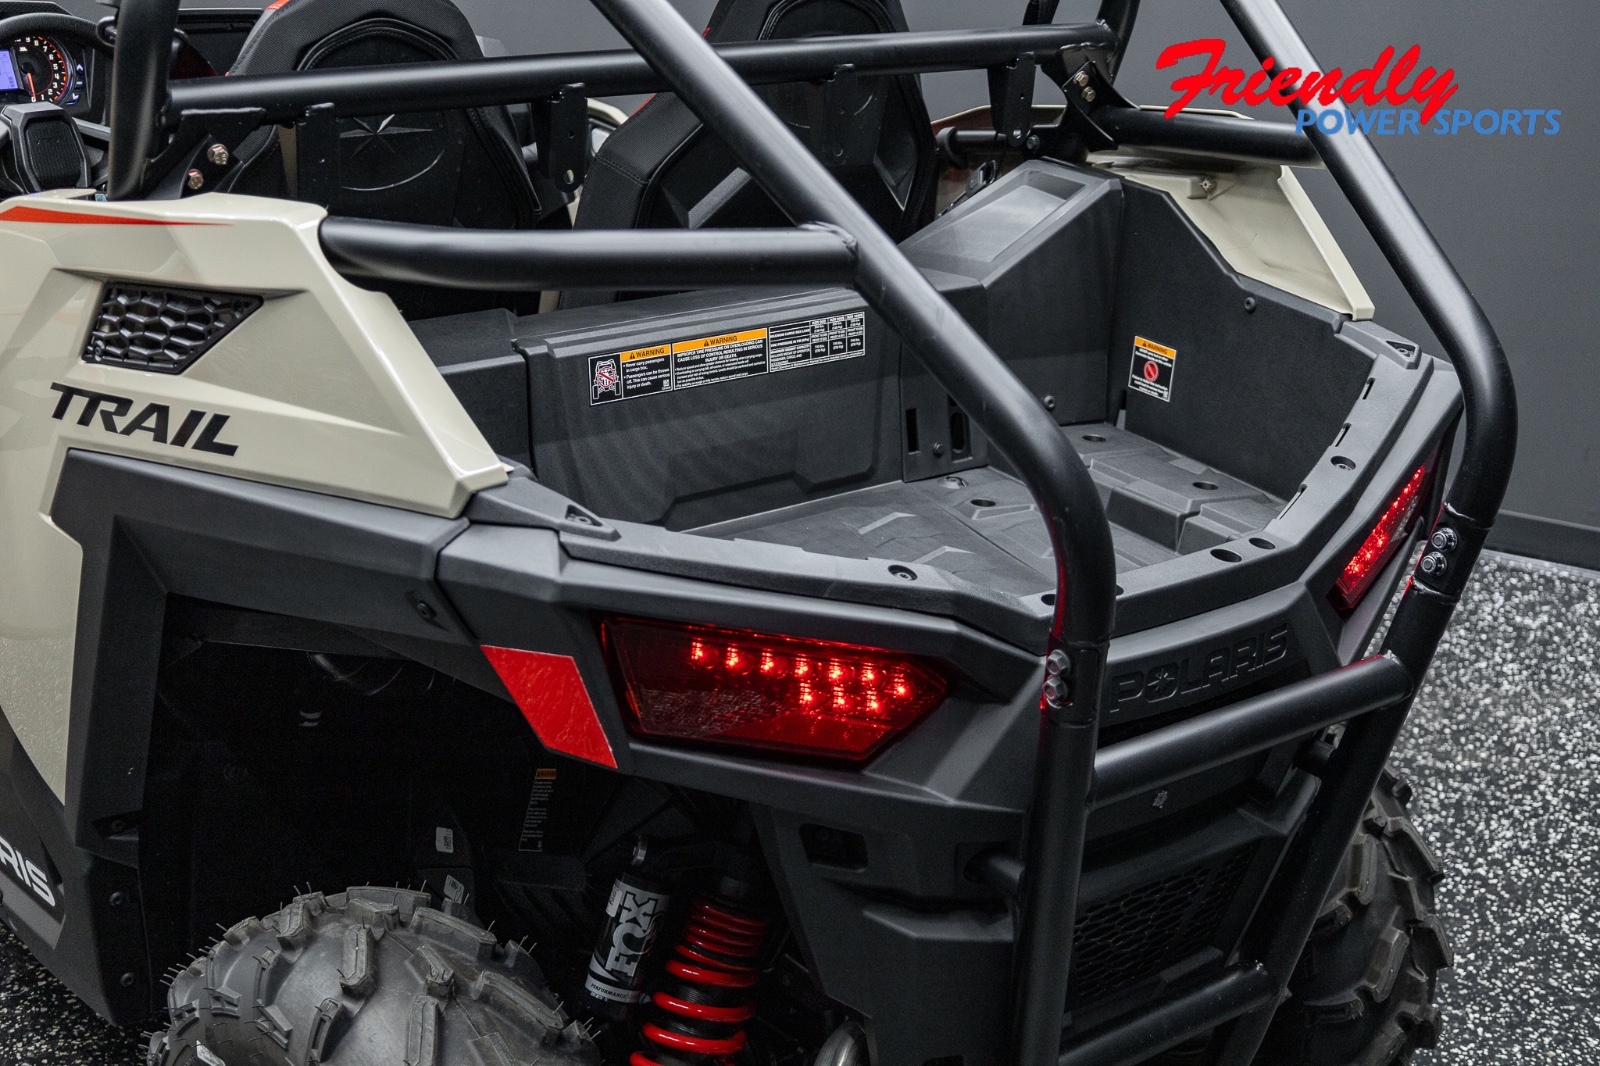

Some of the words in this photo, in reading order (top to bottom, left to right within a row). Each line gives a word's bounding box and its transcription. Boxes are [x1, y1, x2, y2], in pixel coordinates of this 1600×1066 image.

[50, 382, 239, 457] TRAIL
[1110, 624, 1288, 714] POLARIS
[604, 890, 660, 978] FOX
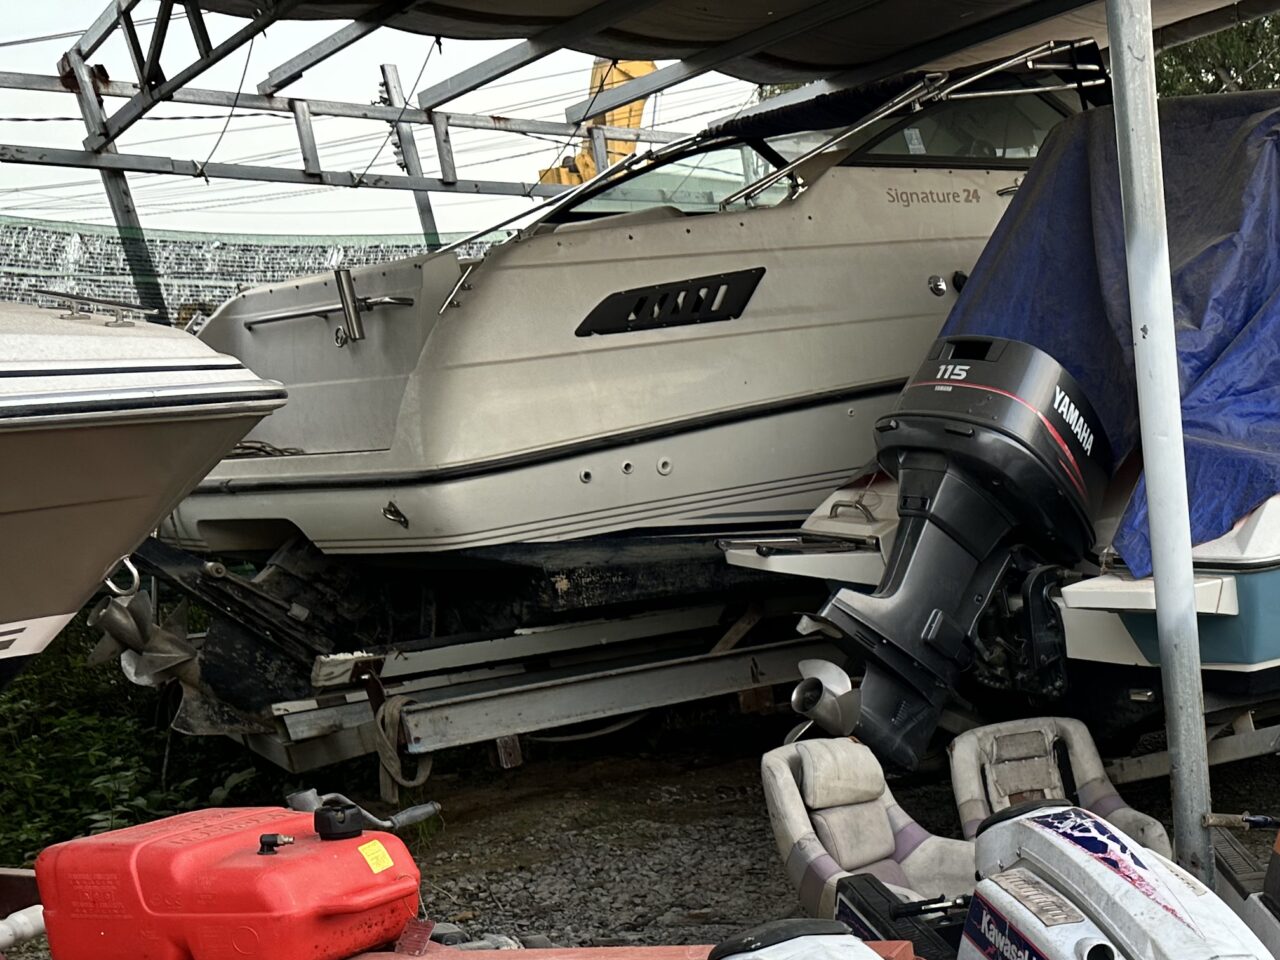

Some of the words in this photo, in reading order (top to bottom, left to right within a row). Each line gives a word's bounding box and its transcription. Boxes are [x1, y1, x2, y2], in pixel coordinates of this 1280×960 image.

[886, 187, 960, 207] Signature
[962, 188, 980, 203] 24
[936, 365, 971, 380] 115
[1053, 385, 1094, 457] YAMAHA
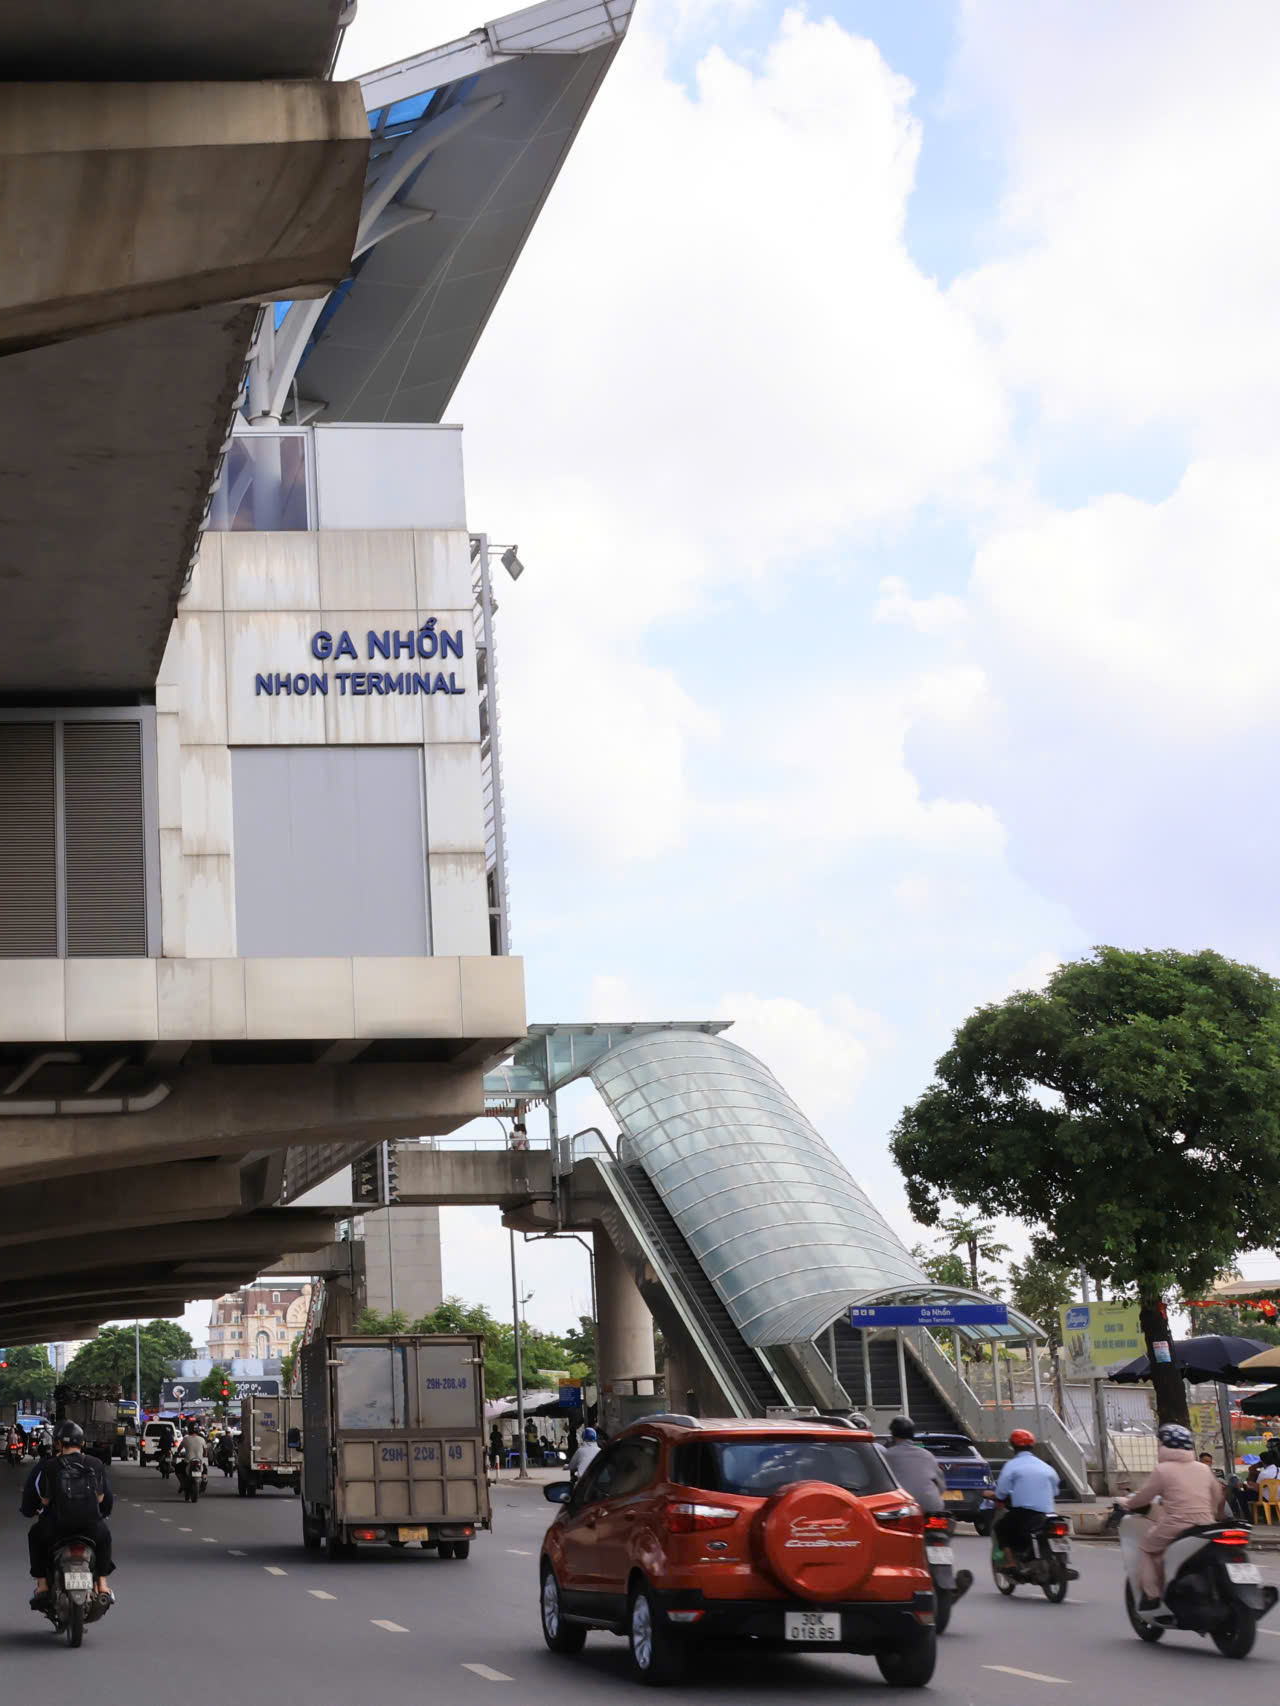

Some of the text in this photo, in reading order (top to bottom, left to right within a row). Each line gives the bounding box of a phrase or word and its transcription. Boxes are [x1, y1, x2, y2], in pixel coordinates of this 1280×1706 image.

[311, 617, 464, 660] GA NHỔN
[255, 672, 466, 696] NHON TERMINAL
[801, 1613, 825, 1626] 30K
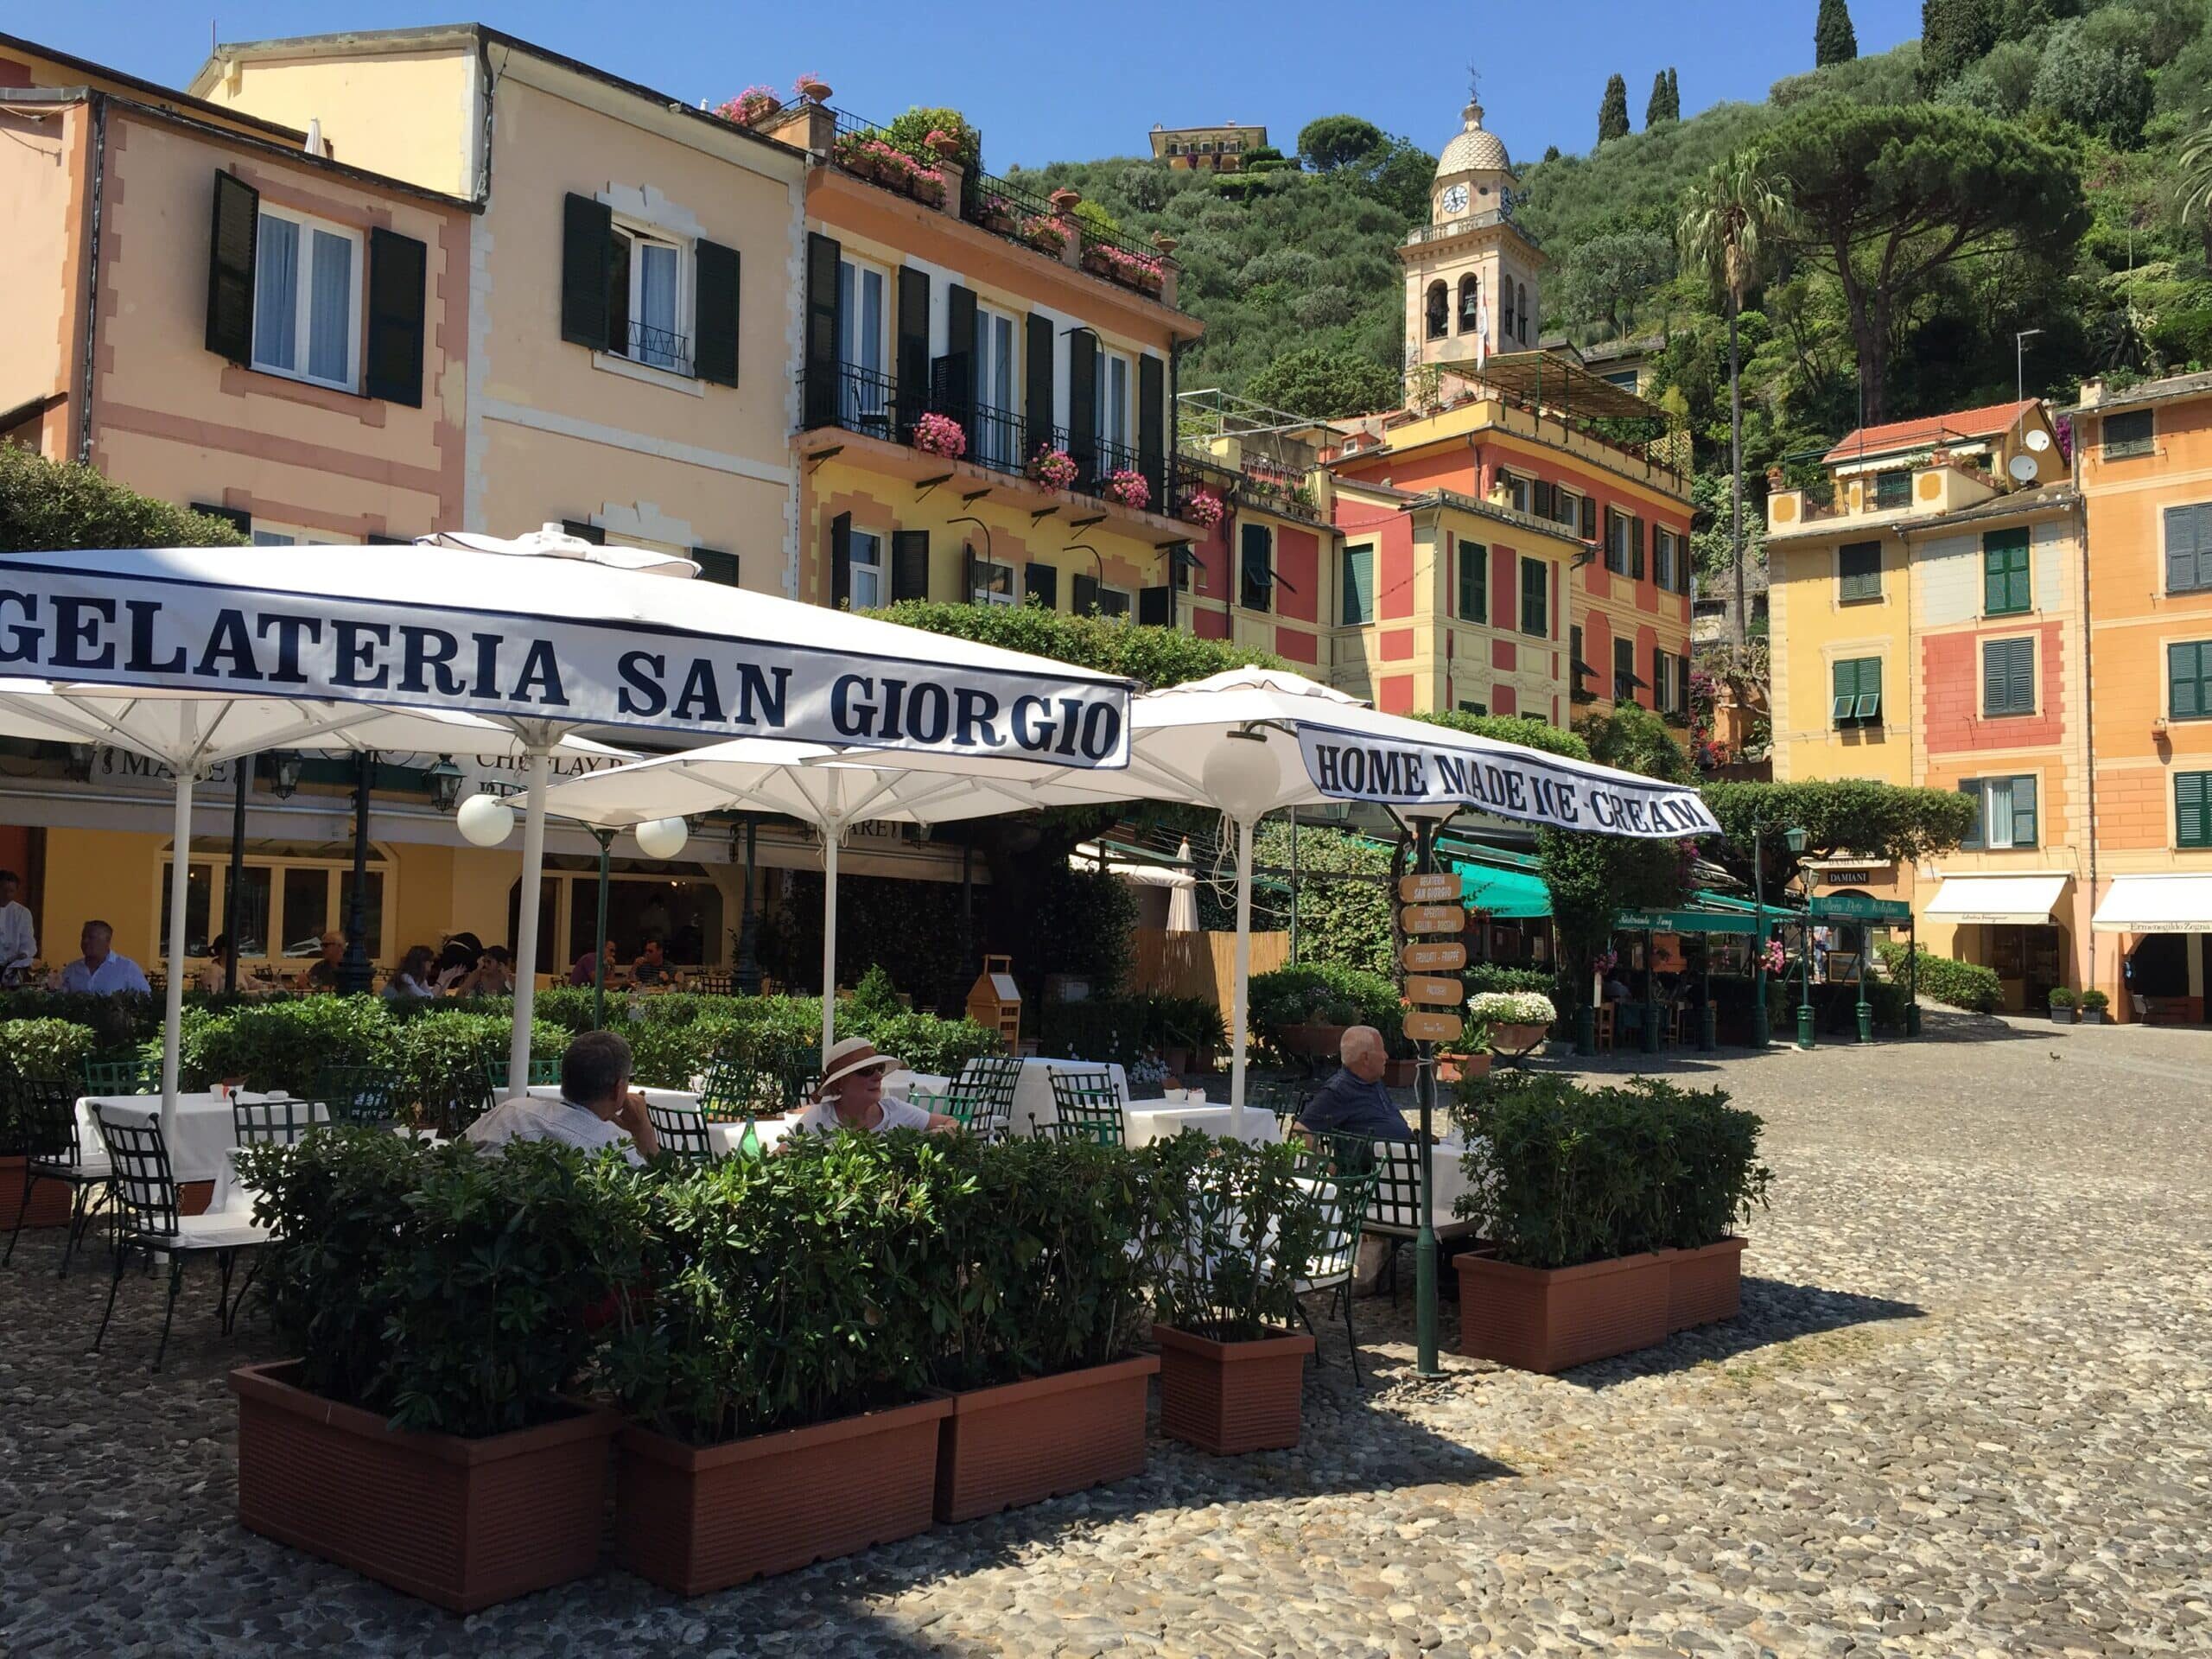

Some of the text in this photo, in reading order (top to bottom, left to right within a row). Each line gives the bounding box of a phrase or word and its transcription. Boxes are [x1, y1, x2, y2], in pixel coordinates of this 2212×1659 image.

━━━━━━

▶ [WHAT YOU ARE ASKED TO DO] Keep every word of the records and none of the pictures when you print them again.

▶ [ANSWER BELOW]
Some of the words in this photo, in reading order (top to bottom, left to right within a row). Each line gives a word's bounding box and its transcription. Boxes are [x1, y1, x2, y2], in pixel coordinates of this 1600×1066 image.

[50, 382, 239, 457] TRAIL
[1110, 624, 1288, 714] POLARIS
[604, 890, 660, 978] FOX

Some of the words in this photo, in reading order (top to bottom, left to right within a row). Each line gives a word's bounding box and its transcription. Boxes are [x1, y1, x2, y2], in pixel coordinates of this 1280×960 image.

[886, 187, 960, 207] Signature
[962, 188, 980, 203] 24
[936, 365, 971, 380] 115
[1053, 385, 1094, 457] YAMAHA

Some of the text in this photo, in reading order (top to bottom, left to right within a row). Each line gives the bounding box of a phrase or word and its transcription. Boxes are [x1, y1, x2, y2], in pixel coordinates of this 1280×1706 image.

[311, 617, 464, 660] GA NHỔN
[255, 672, 466, 696] NHON TERMINAL
[801, 1613, 825, 1626] 30K

Some of the text in this photo, in reading order (top to bottom, left to right within a row). Each line gives the bounding box of a phrase or word and its transcription. Boxes are [x1, y1, x2, y2], in pixel coordinates of this 2212×1659 image.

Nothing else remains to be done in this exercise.